** Opening Stored data block **

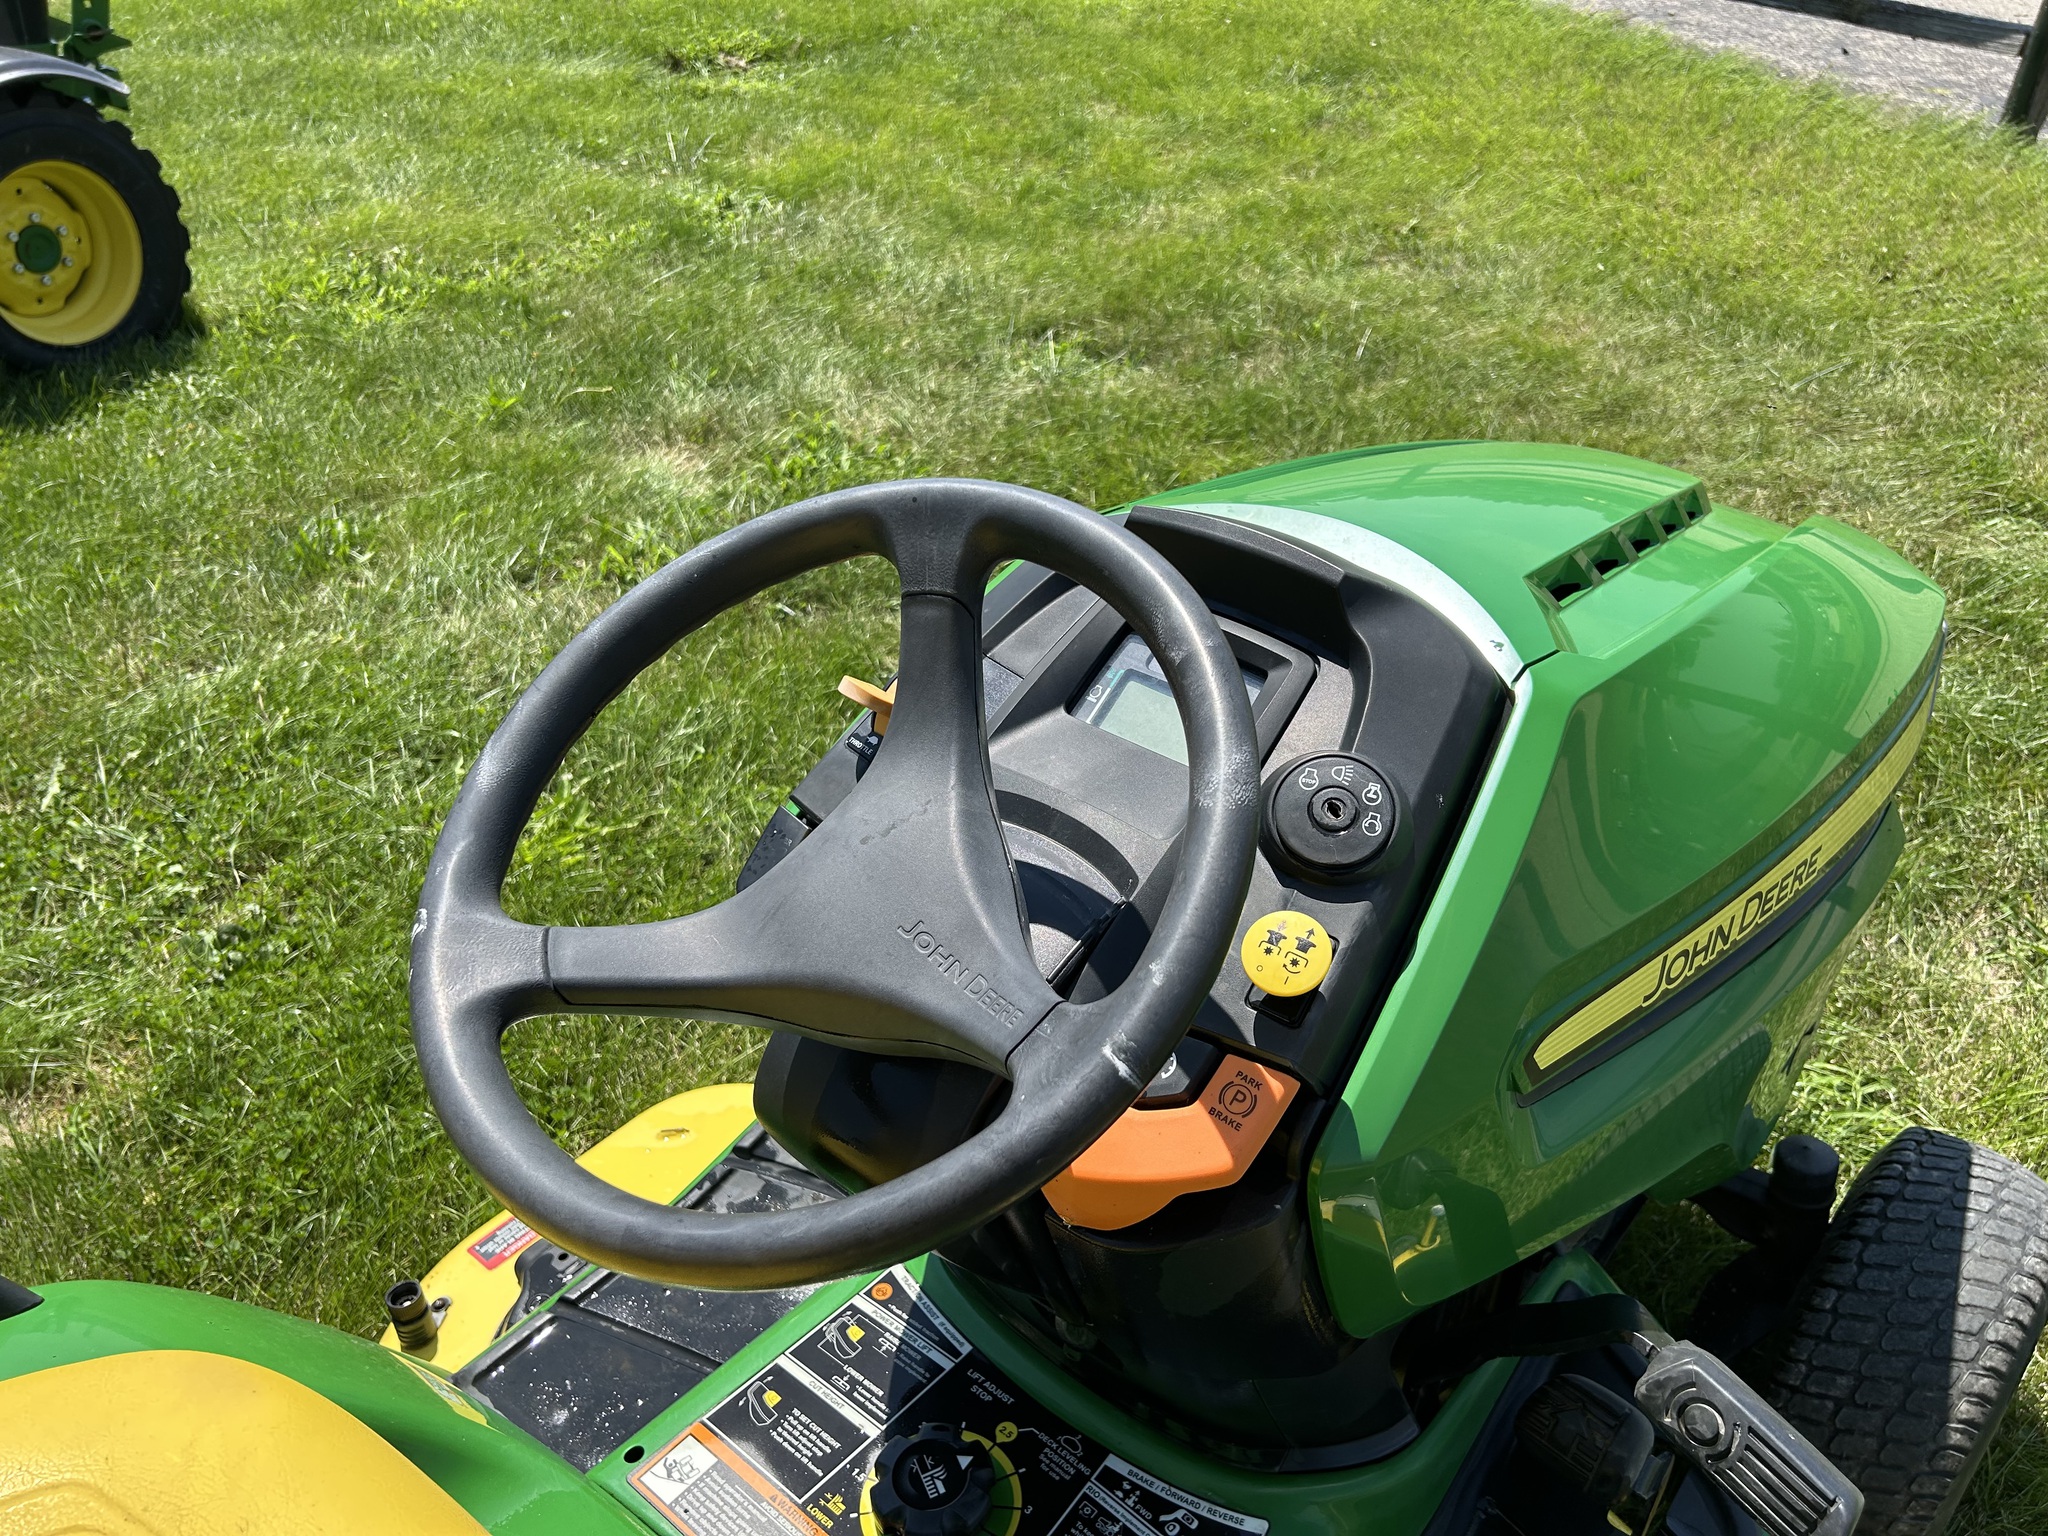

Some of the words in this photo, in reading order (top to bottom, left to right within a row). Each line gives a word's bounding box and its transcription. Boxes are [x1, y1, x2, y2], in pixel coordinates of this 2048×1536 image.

[849, 737, 873, 755] THROTTLE
[1643, 915, 1735, 1005] JOHN
[1737, 845, 1822, 936] DEERE
[897, 920, 969, 984] JOHN
[964, 974, 1024, 1028] DEERE
[1235, 1071, 1263, 1091] PARK
[1229, 1089, 1247, 1106] P
[1208, 1107, 1243, 1132] BRAKE
[890, 1304, 902, 1315] Push
[900, 1275, 924, 1301] TRACTION
[920, 1300, 939, 1320] ASSIST
[871, 1308, 894, 1327] POWER
[893, 1324, 917, 1344] MOWER
[917, 1341, 932, 1354] LIFT
[900, 1343, 921, 1360] MOWER
[843, 1364, 864, 1381] LOWER
[862, 1378, 884, 1396] MOWER
[910, 1361, 925, 1373] handle
[808, 1380, 822, 1392] CUT
[820, 1389, 844, 1409] HEIGHT
[858, 1386, 872, 1398] Lower
[870, 1396, 886, 1409] handle
[966, 1368, 984, 1384] LIFT
[982, 1379, 1014, 1405] ADJUST
[969, 1384, 993, 1403] STOP
[852, 1391, 865, 1402] lower
[863, 1400, 887, 1419] implement
[782, 1421, 793, 1431] Turn
[797, 1434, 813, 1448] adjust
[811, 1445, 823, 1457] stop
[787, 1415, 798, 1425] Pull
[795, 1423, 803, 1431] up
[808, 1433, 816, 1441] lift
[814, 1438, 832, 1453] handle
[792, 1408, 801, 1416] TO
[798, 1413, 811, 1424] SET
[808, 1421, 821, 1433] CUT
[819, 1430, 841, 1449] HEIGHT
[999, 1426, 1014, 1439] 2.5
[770, 1431, 784, 1443] Push
[782, 1440, 796, 1453] down
[800, 1455, 808, 1464] lift
[806, 1461, 824, 1477] handle
[796, 1443, 812, 1457] height
[1037, 1432, 1058, 1449] DECK
[1056, 1446, 1092, 1475] LEVELING
[1042, 1447, 1076, 1474] POSITION
[852, 1468, 867, 1481] 1.5
[1038, 1453, 1050, 1464] See
[1048, 1462, 1071, 1480] manual
[1039, 1463, 1049, 1472] for
[1048, 1470, 1060, 1480] use
[691, 1487, 706, 1501] Keep
[703, 1498, 721, 1515] safety
[719, 1512, 740, 1531] devices
[702, 1486, 724, 1506] machine
[721, 1504, 738, 1519] stops
[735, 1517, 751, 1532] going
[704, 1476, 720, 1491] Avoid
[718, 1488, 738, 1507] sudden
[736, 1505, 750, 1519] turns
[711, 1471, 725, 1484] Read
[747, 1504, 767, 1522] manual
[760, 1500, 778, 1517] AVOID
[1024, 1505, 1033, 1514] 3
[1086, 1485, 1100, 1498] RIO
[1098, 1495, 1121, 1514] (Reverse
[1119, 1512, 1146, 1534] Implement
[1127, 1469, 1155, 1487] BRAKE
[1160, 1485, 1201, 1510] FORWARD
[1206, 1505, 1245, 1526] REVERSE
[674, 1505, 689, 1519] When
[679, 1498, 701, 1519] Remove
[698, 1516, 719, 1536] objects
[686, 1493, 701, 1507] Drive
[698, 1505, 707, 1514] up
[705, 1511, 717, 1522] and
[715, 1520, 731, 1535] down
[776, 1498, 818, 1536] WARNING
[806, 1503, 833, 1528] LOWER
[1075, 1521, 1084, 1530] To
[1134, 1504, 1152, 1520] FWD

** Closing Stored data block **

Problem statement:
In your answer, set down the full listing word for word and include no pictures.

Response to the exercise:
Some of the words in this photo, in reading order (top to bottom, left to right within a row). Each line gives a word's bounding box and its transcription. Boxes are [x1, y1, x2, y2], in pixel coordinates of this 2048×1536 image.

[849, 737, 873, 755] THROTTLE
[1643, 915, 1735, 1005] JOHN
[1737, 845, 1822, 936] DEERE
[897, 920, 969, 984] JOHN
[964, 974, 1024, 1028] DEERE
[1235, 1071, 1263, 1091] PARK
[1229, 1089, 1247, 1106] P
[1208, 1107, 1243, 1132] BRAKE
[890, 1304, 902, 1315] Push
[900, 1275, 924, 1301] TRACTION
[920, 1300, 939, 1320] ASSIST
[871, 1308, 894, 1327] POWER
[893, 1324, 917, 1344] MOWER
[917, 1341, 932, 1354] LIFT
[900, 1343, 921, 1360] MOWER
[843, 1364, 864, 1381] LOWER
[862, 1378, 884, 1396] MOWER
[910, 1361, 925, 1373] handle
[808, 1380, 822, 1392] CUT
[820, 1389, 844, 1409] HEIGHT
[858, 1386, 872, 1398] Lower
[870, 1396, 886, 1409] handle
[966, 1368, 984, 1384] LIFT
[982, 1379, 1014, 1405] ADJUST
[969, 1384, 993, 1403] STOP
[852, 1391, 865, 1402] lower
[863, 1400, 887, 1419] implement
[782, 1421, 793, 1431] Turn
[797, 1434, 813, 1448] adjust
[811, 1445, 823, 1457] stop
[787, 1415, 798, 1425] Pull
[795, 1423, 803, 1431] up
[808, 1433, 816, 1441] lift
[814, 1438, 832, 1453] handle
[792, 1408, 801, 1416] TO
[798, 1413, 811, 1424] SET
[808, 1421, 821, 1433] CUT
[819, 1430, 841, 1449] HEIGHT
[999, 1426, 1014, 1439] 2.5
[770, 1431, 784, 1443] Push
[782, 1440, 796, 1453] down
[800, 1455, 808, 1464] lift
[806, 1461, 824, 1477] handle
[796, 1443, 812, 1457] height
[1037, 1432, 1058, 1449] DECK
[1056, 1446, 1092, 1475] LEVELING
[1042, 1447, 1076, 1474] POSITION
[852, 1468, 867, 1481] 1.5
[1038, 1453, 1050, 1464] See
[1048, 1462, 1071, 1480] manual
[1039, 1463, 1049, 1472] for
[1048, 1470, 1060, 1480] use
[691, 1487, 706, 1501] Keep
[703, 1498, 721, 1515] safety
[719, 1512, 740, 1531] devices
[702, 1486, 724, 1506] machine
[721, 1504, 738, 1519] stops
[735, 1517, 751, 1532] going
[704, 1476, 720, 1491] Avoid
[718, 1488, 738, 1507] sudden
[736, 1505, 750, 1519] turns
[711, 1471, 725, 1484] Read
[747, 1504, 767, 1522] manual
[760, 1500, 778, 1517] AVOID
[1024, 1505, 1033, 1514] 3
[1086, 1485, 1100, 1498] RIO
[1098, 1495, 1121, 1514] (Reverse
[1119, 1512, 1146, 1534] Implement
[1127, 1469, 1155, 1487] BRAKE
[1160, 1485, 1201, 1510] FORWARD
[1206, 1505, 1245, 1526] REVERSE
[674, 1505, 689, 1519] When
[679, 1498, 701, 1519] Remove
[698, 1516, 719, 1536] objects
[686, 1493, 701, 1507] Drive
[698, 1505, 707, 1514] up
[705, 1511, 717, 1522] and
[715, 1520, 731, 1535] down
[776, 1498, 818, 1536] WARNING
[806, 1503, 833, 1528] LOWER
[1075, 1521, 1084, 1530] To
[1134, 1504, 1152, 1520] FWD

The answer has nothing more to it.